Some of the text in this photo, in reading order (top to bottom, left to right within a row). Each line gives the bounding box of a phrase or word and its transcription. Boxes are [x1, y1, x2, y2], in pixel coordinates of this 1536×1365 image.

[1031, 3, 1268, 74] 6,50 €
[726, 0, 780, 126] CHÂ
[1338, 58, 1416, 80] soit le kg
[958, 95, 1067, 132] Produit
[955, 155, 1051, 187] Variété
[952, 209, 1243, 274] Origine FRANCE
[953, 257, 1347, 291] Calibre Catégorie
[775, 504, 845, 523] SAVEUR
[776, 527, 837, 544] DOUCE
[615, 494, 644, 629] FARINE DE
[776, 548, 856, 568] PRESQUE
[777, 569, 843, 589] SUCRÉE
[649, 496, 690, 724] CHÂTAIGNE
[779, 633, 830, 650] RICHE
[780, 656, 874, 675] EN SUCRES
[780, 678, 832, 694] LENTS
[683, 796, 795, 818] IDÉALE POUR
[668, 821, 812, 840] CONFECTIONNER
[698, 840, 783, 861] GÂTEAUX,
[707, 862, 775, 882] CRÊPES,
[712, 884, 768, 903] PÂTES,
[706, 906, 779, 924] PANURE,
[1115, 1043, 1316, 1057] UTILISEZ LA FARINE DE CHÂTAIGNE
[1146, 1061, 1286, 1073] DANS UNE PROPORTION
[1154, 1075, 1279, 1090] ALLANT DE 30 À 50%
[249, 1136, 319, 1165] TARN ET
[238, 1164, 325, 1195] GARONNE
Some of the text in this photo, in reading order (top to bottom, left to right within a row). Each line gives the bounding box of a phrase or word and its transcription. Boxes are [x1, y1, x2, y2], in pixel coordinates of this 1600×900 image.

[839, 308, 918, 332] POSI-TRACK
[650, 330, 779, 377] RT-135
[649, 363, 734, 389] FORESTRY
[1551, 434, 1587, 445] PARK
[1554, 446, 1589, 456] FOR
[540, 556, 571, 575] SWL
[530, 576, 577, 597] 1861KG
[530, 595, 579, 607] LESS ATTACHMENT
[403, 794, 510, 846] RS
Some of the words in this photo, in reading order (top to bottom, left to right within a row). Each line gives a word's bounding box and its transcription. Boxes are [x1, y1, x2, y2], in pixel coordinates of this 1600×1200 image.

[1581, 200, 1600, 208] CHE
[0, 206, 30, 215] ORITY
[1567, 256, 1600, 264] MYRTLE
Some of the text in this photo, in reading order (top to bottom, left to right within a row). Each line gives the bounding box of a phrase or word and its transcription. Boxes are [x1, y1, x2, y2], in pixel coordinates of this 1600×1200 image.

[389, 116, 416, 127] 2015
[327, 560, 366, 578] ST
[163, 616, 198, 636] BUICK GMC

_ _ _

Once the line with "this 1600×900 image." has been found in the records above, retype it and every line after it exactly, and include nothing else.

• **Result of this task**:
Some of the text in this photo, in reading order (top to bottom, left to right within a row). Each line gives the bounding box of a phrase or word and its transcription. Boxes are [x1, y1, x2, y2], in pixel coordinates of this 1600×900 image.

[839, 308, 918, 332] POSI-TRACK
[650, 330, 779, 377] RT-135
[649, 363, 734, 389] FORESTRY
[1551, 434, 1587, 445] PARK
[1554, 446, 1589, 456] FOR
[540, 556, 571, 575] SWL
[530, 576, 577, 597] 1861KG
[530, 595, 579, 607] LESS ATTACHMENT
[403, 794, 510, 846] RS
Some of the words in this photo, in reading order (top to bottom, left to right within a row). Each line gives a word's bounding box and its transcription. Boxes are [x1, y1, x2, y2], in pixel coordinates of this 1600×1200 image.

[1581, 200, 1600, 208] CHE
[0, 206, 30, 215] ORITY
[1567, 256, 1600, 264] MYRTLE
Some of the text in this photo, in reading order (top to bottom, left to right within a row). Each line gives the bounding box of a phrase or word and its transcription. Boxes are [x1, y1, x2, y2], in pixel coordinates of this 1600×1200 image.

[389, 116, 416, 127] 2015
[327, 560, 366, 578] ST
[163, 616, 198, 636] BUICK GMC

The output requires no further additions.